At the centre of this is a structural alignment that no existing NHS procurement mechanism creates. The device supplier needs real-world outcome and process-quality data to validate its investment case and accelerate adoption at the next centre. The Trust needs implementation support and ongoing fidelity monitoring to realise the benefits its capital committee approved. Both parties want the same thing: the technology working as evidenced, embedded in the clinical environment as intended, generating outcomes that justify the decision. CauseACTION gives both the structure to embed that shared interest permanently — turning what is typically a transactional procurement relationship into a continuing evidence partnership, held together by objective data neither party controls alone.

01

Local mechanism

Multi-archetype scoring including clinical quality, patient-normalised economics, 90-day cycle adding a twin node per investment.

02

Cross-tier mechanism

System economics surface investments whose cash value sits outside the Trust budget, or whose primary value is clinical, and route them to the right system payer.

03

Cross-centre mechanism

Local-data translation generates site-specific ROI from multi-site evidence including DGH offload and downstream care effects. The evidence threshold triggers acceleration ahead of replacement cycle.

04

Continuous mechanism

The cycle persists as permanent QA. Protocol drift, staff change, and workload pressure are surfaced in real time, not at the next audit.

05

Compounding mechanism

Each new device in the ecosystem strengthens every other node. Noise reduces. Signals separate. The model improves through use.

06

NHSSC mechanism

The accumulated cross-site evidence base — validated through calibration cycles, permanent QA, and national registry feeds — becomes the methodology for value-based procurement evaluation within NHS Supply Chain frameworks. Whole-lifecycle economics, not capital cost alone, become the standard by which devices are compared and frameworks are awarded.

The Adoption Engine is one way of building the permanent process mapping CauseACTION aspires to create.

Every device that passes through this methodology — evaluated, implemented, monitored, and calibrated — adds a permanent, validated node to a clinical intelligence model. The post-adoption quality assurance layer the engine creates is not a separate tool: it is the same data architecture that CauseACTION builds across NHS pathways. The supplier-Trust relationship it structures, held together by objective process quality data, is the beginning of the connective tissue that the NHS already has the skeleton for — in its policies, its protocols, and its standards — but has not yet been able to make visible in real time.

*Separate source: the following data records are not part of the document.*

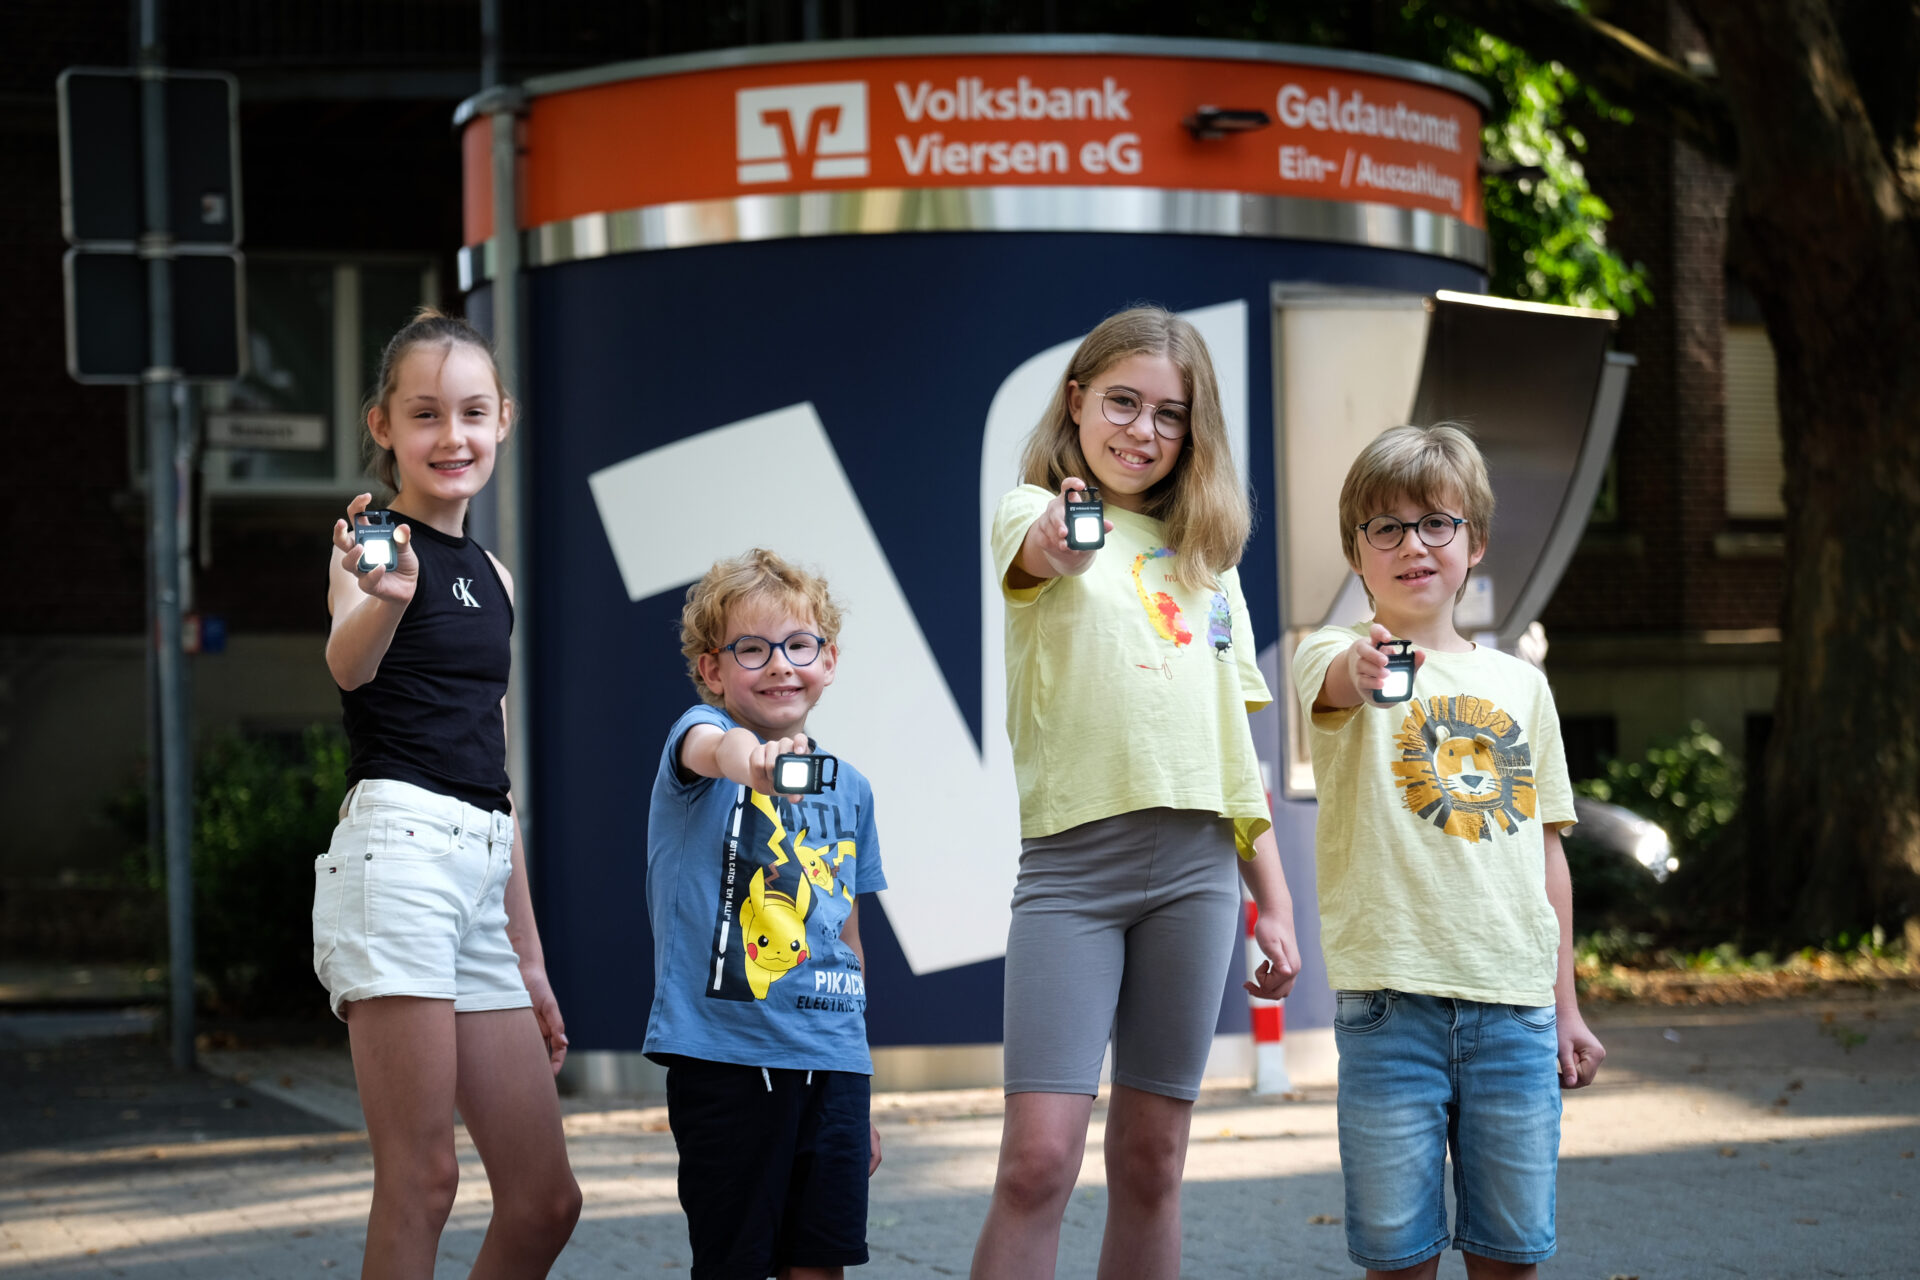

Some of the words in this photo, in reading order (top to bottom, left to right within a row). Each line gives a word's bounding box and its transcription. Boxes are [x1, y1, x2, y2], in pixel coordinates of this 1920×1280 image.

[895, 77, 1131, 122] Volksbank
[1277, 84, 1461, 154] Geldautomat
[895, 132, 1070, 176] Viersen
[1079, 133, 1142, 175] eG
[1278, 146, 1338, 182] Ein-
[1356, 154, 1462, 211] Auszahlung
[727, 862, 736, 884] CATCH
[796, 995, 855, 1013] ELECTRIC
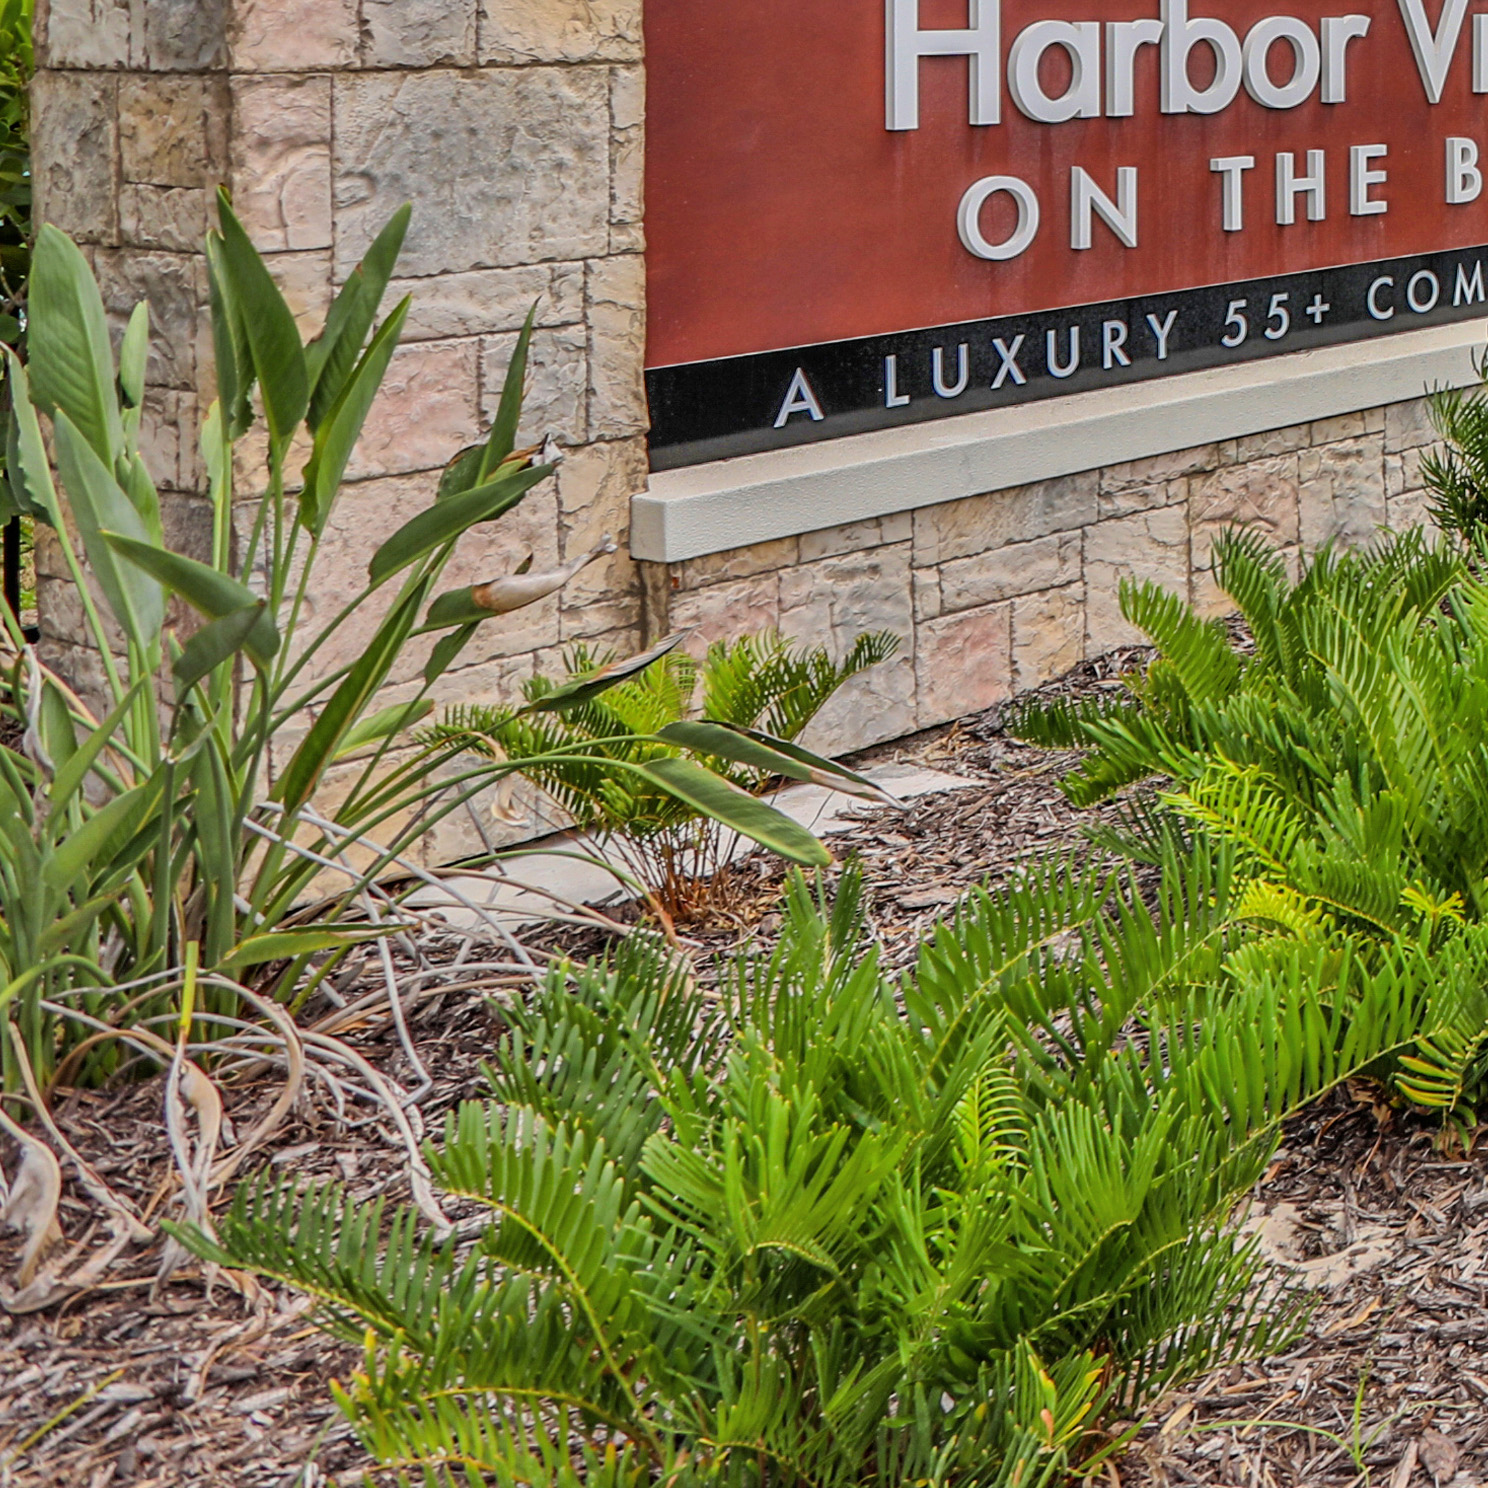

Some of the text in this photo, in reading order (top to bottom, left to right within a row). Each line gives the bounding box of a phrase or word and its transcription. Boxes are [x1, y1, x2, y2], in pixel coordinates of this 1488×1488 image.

[957, 166, 1139, 261] ON
[1210, 143, 1389, 233] THE
[773, 367, 825, 430] A
[883, 310, 1178, 409] LUXURY
[1222, 293, 1331, 348] 55+

CauseACTION applies this same principle across clinical pathways — connecting the data that already exists, surfacing the gap between work as imagined and work as done, and turning every routine case into evidence that makes the next one safer. The goal is not another reporting system. It is the intelligence layer that makes variation attributable, improvement automatic, and quality universally measurable — without adding to the burden of the people already keeping the system alive.